Je repris ma respiration avant de me lancer dans quelques explications. La deuxième bouteille de vin était déjà pratiquement finie. Heureusement, il m'en restait encore une bonne douzaine en réserve.

- J'avais découvert peu avant le procédé d'extraction parfait du Blénium 3006. Je faisais des recherches sur le métal maudit car j'en avais besoin pour achever le vaisseau. En toute confiance, je fis part de cela à la reine de Sélénia. Mais, conscient du danger lié à la connaissance d'un tel secret, je lui demandai de ne le divulguer à personne. La souveraine n'accepta qu'à une seule condition. Que je devienne capitaine de mon vaisseau, l'Espérance. J'acceptai, car deux personnes au courant d'un secret, c'est déjà une de trop…

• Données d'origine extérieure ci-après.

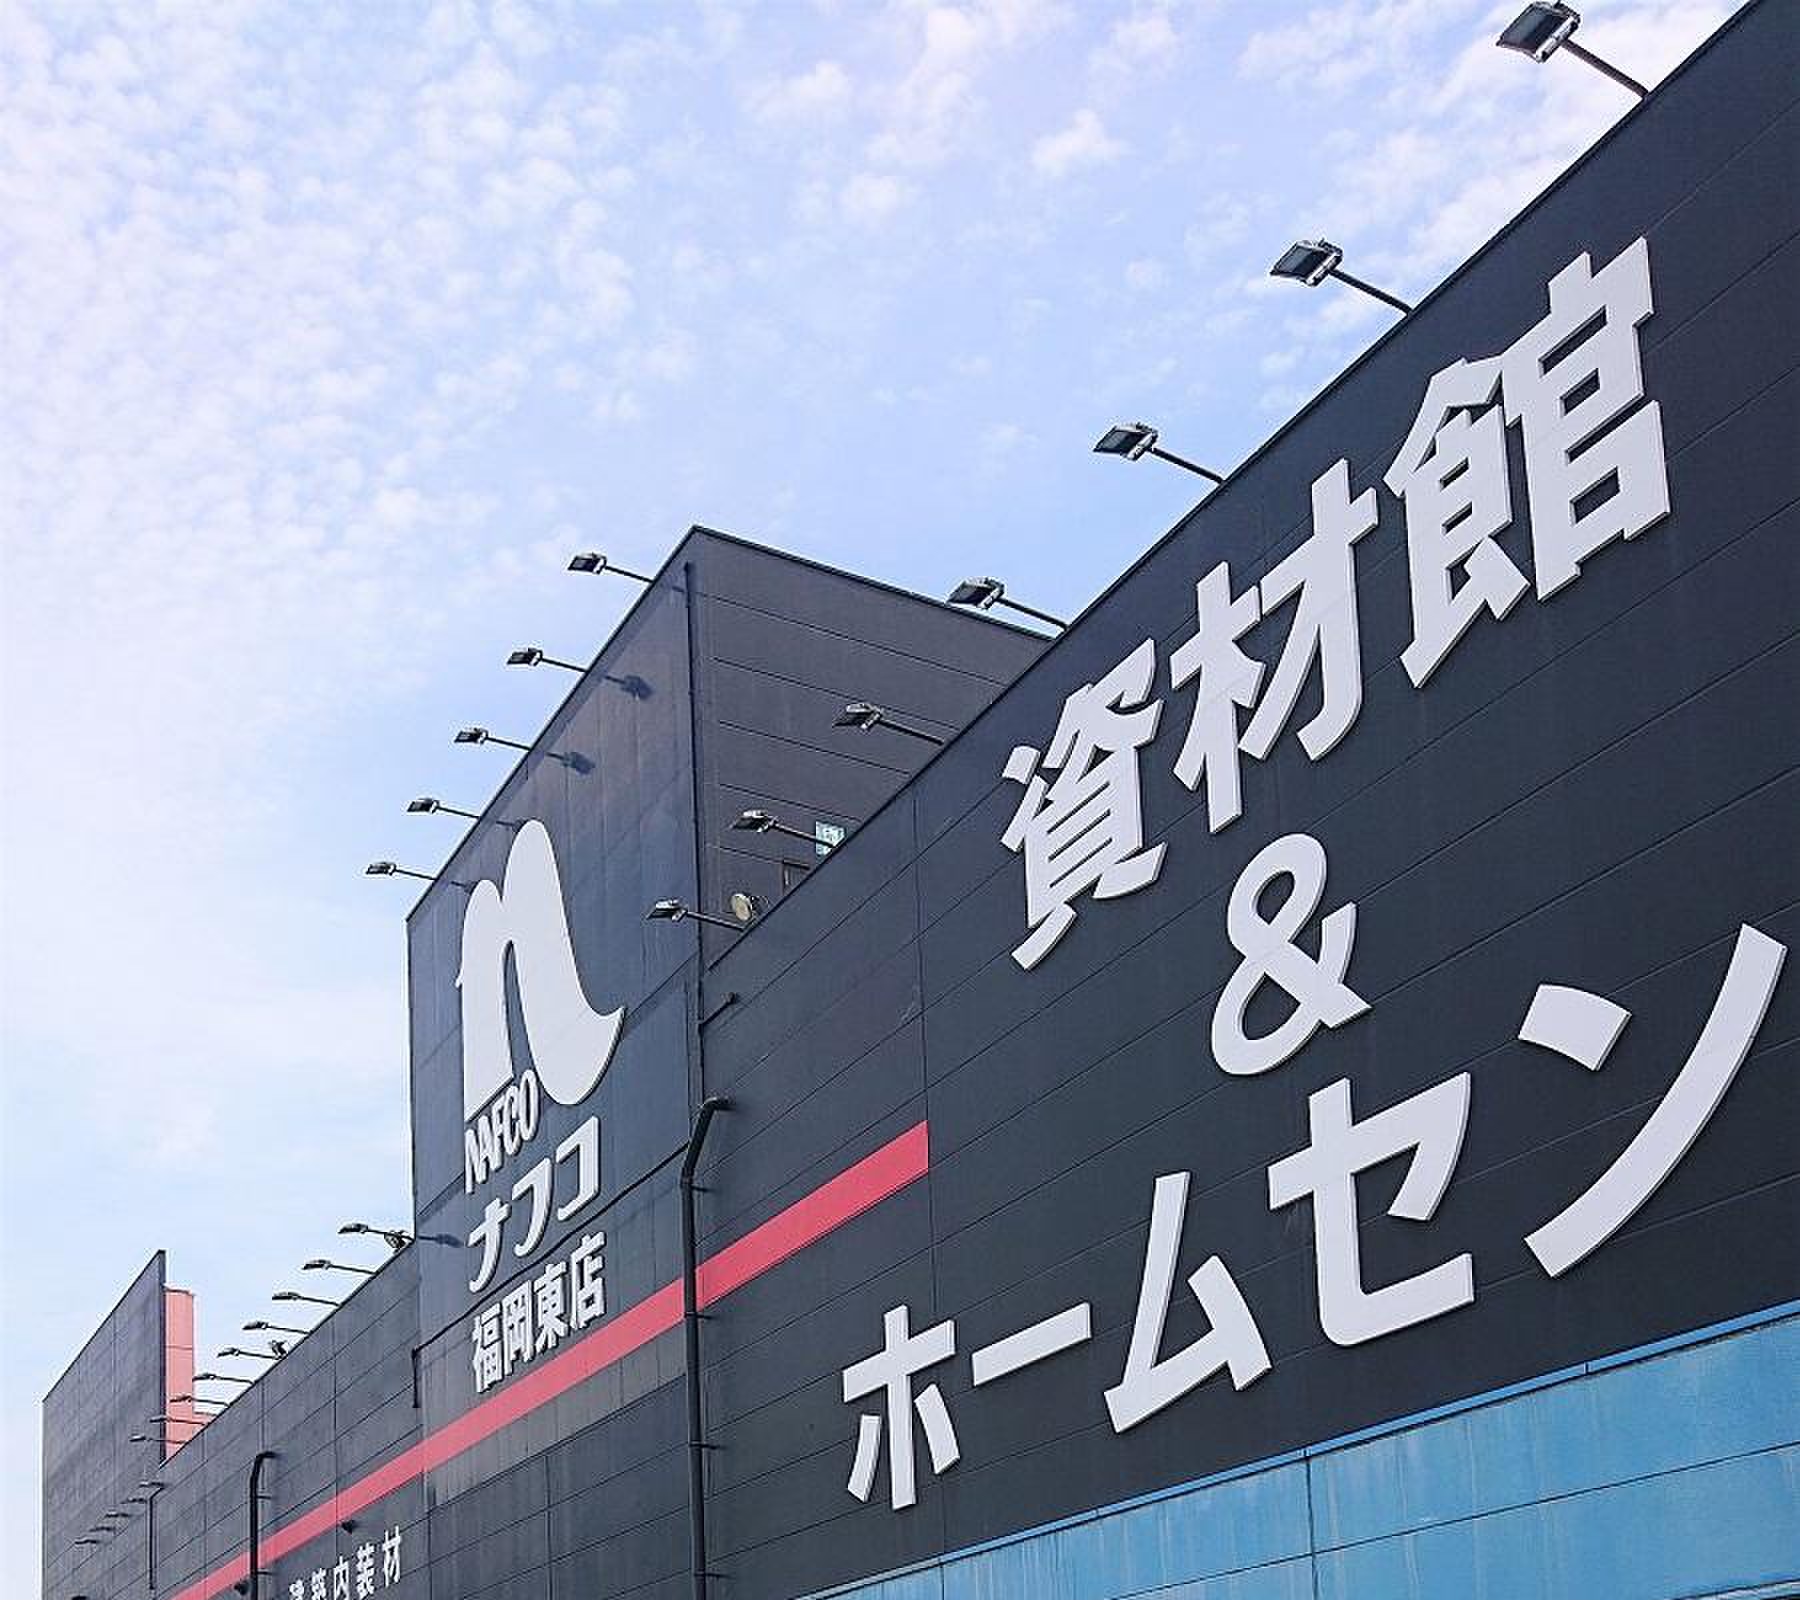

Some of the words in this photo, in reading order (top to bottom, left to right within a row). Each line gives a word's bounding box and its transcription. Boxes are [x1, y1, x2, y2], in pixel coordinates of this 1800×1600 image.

[1001, 237, 1670, 969] 資材館
[1210, 833, 1372, 1077] &
[465, 1070, 538, 1194] NAFCO
[469, 1116, 598, 1292] ナフコ
[843, 924, 1786, 1508] ホームセン
[472, 1232, 604, 1392] 福岡東店

Je me voyais encore, dans cette salle immense, à genou devant la Reine sur son trône d'or. Voulait elle vendre le secret ? Quelles étaient au juste ses intentions ? Je me souvenais de cette angoisse viscérale lorsqu'elle me congédia.

Je n'ai réalisé que trop tard mon erreur fatale. Mais que pouvais je faire après ? Il n'y avait rien pour réparer ce que j'avais fait…

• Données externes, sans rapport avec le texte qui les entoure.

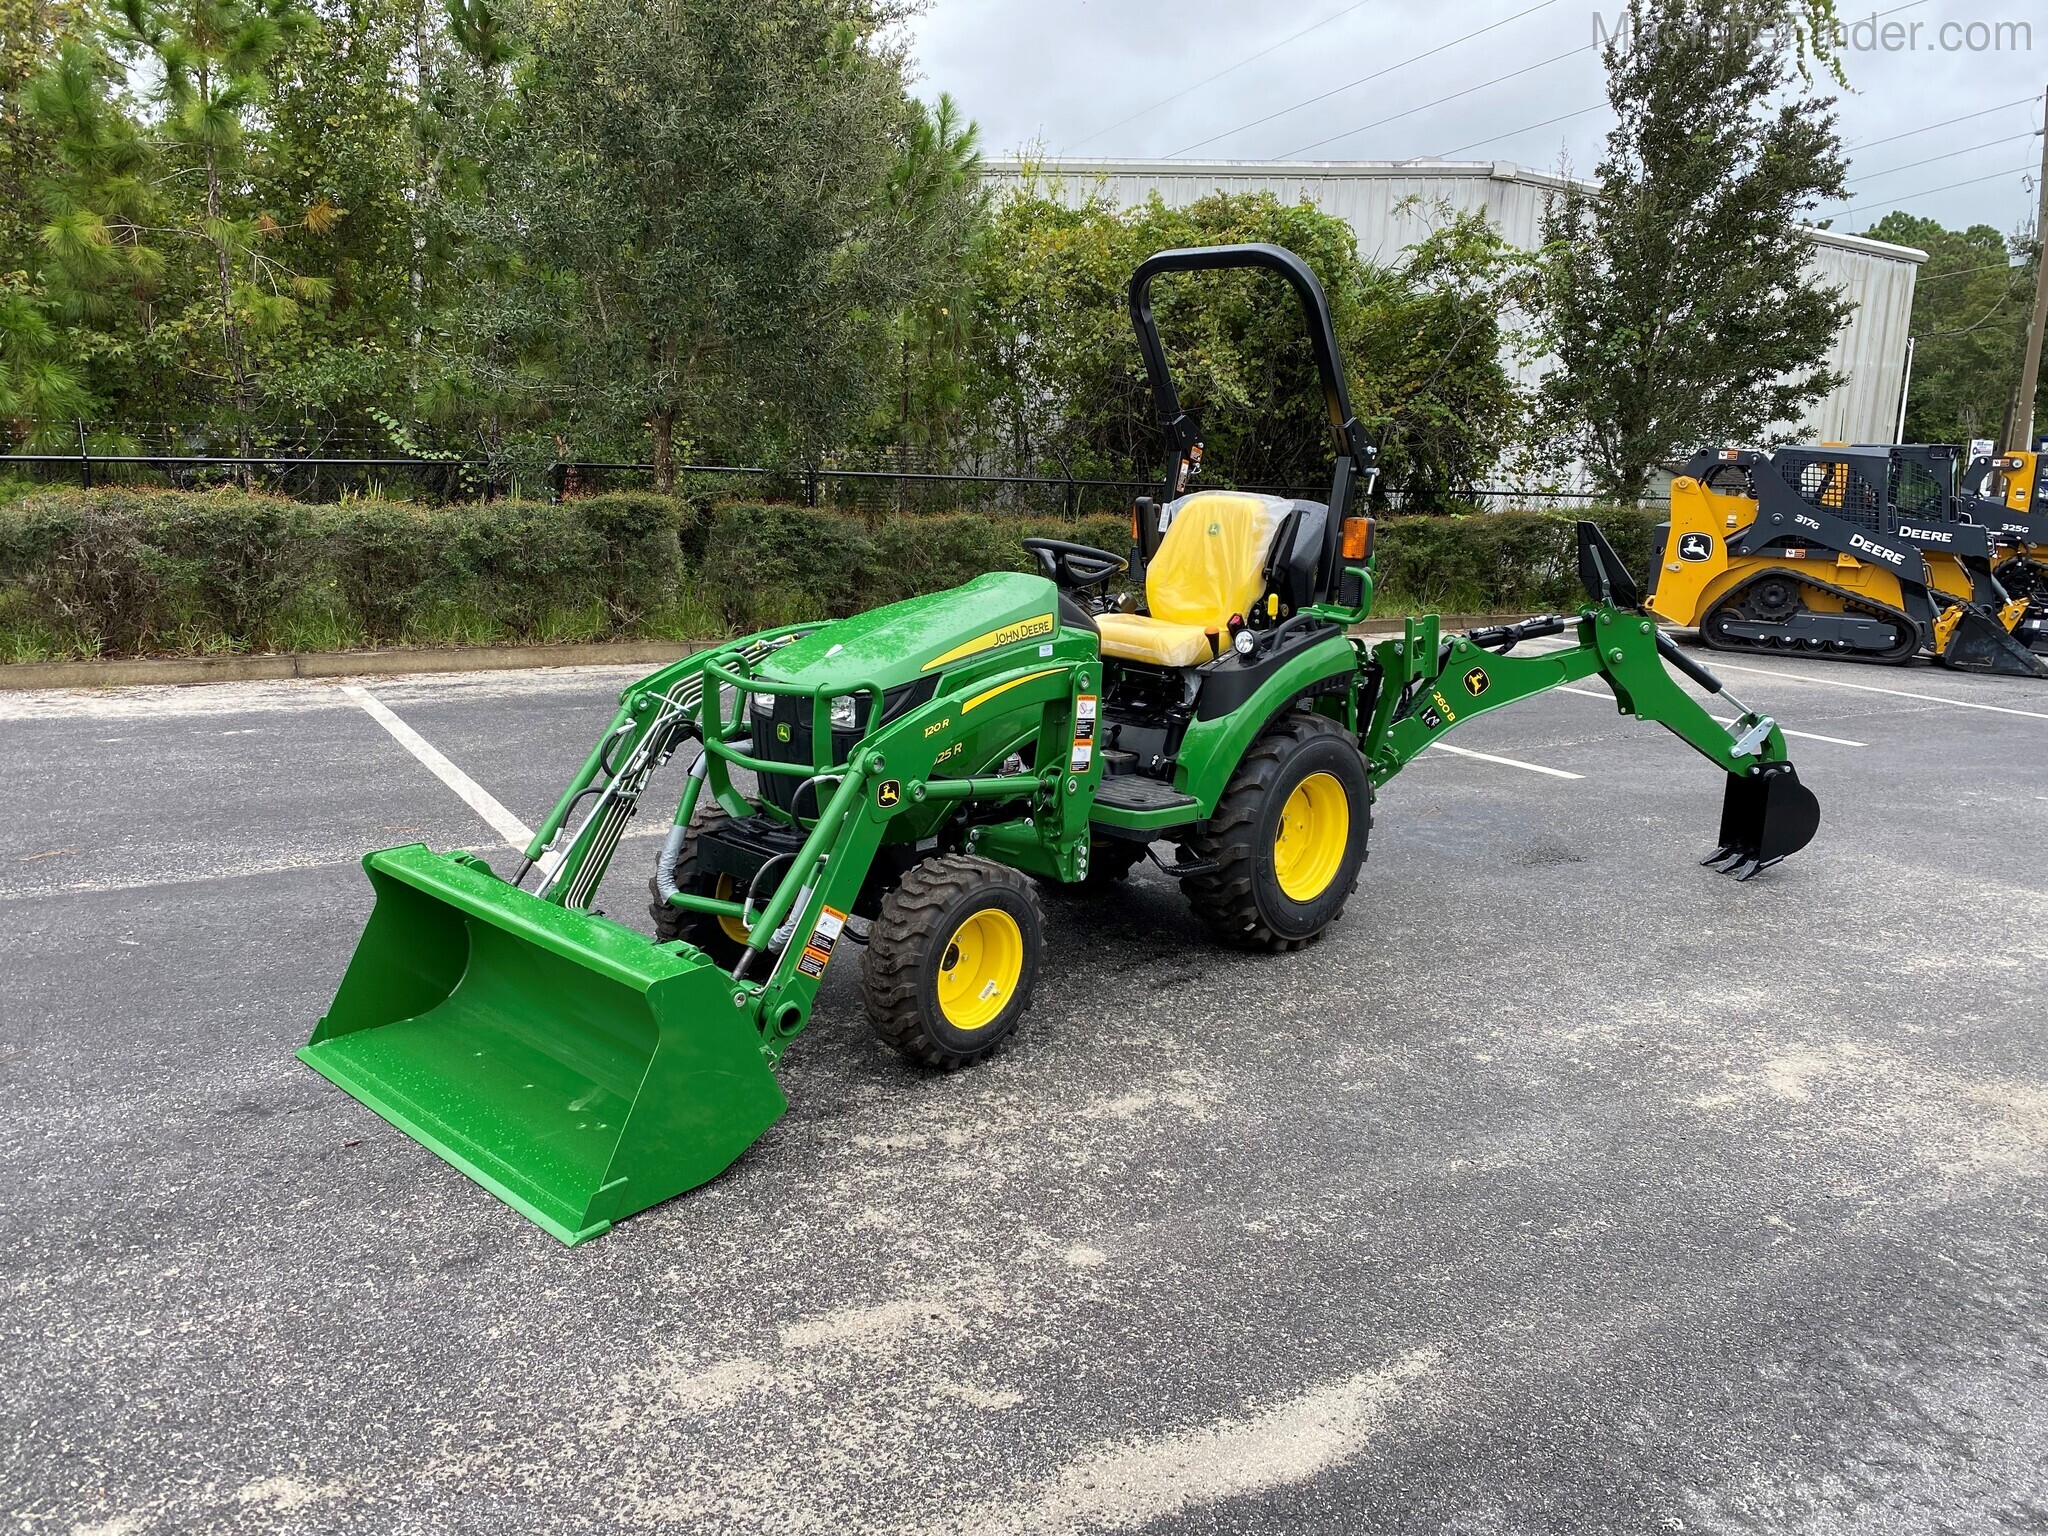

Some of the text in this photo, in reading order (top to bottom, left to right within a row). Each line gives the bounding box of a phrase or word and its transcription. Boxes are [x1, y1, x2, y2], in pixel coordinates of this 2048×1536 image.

[1794, 514, 1821, 530] 317G
[2001, 523, 2030, 533] 325G
[1899, 525, 1954, 543] DEERE
[1849, 533, 1906, 565] DEERE
[994, 621, 1050, 646] JOHN DEERE
[1433, 691, 1456, 722] 260 B
[924, 718, 950, 739] 120 R
[933, 742, 963, 766] 25 R

- Je comprends… Vous avez accepté pour garder ce secret à l'abri des convoitises. Mais ensuite, comment se fait il que Sélénia ait explosé ? Que s'est il passé ? La voix d'Harlock se faisait plus pressante.
- Un jour, elles sont apparues. Les Mazones… Leur Reine Rafflesia nous adressa un ultimatum : soumettez-vous ou mourrez. Je suis sur qu'elles savaient pour le Blénium.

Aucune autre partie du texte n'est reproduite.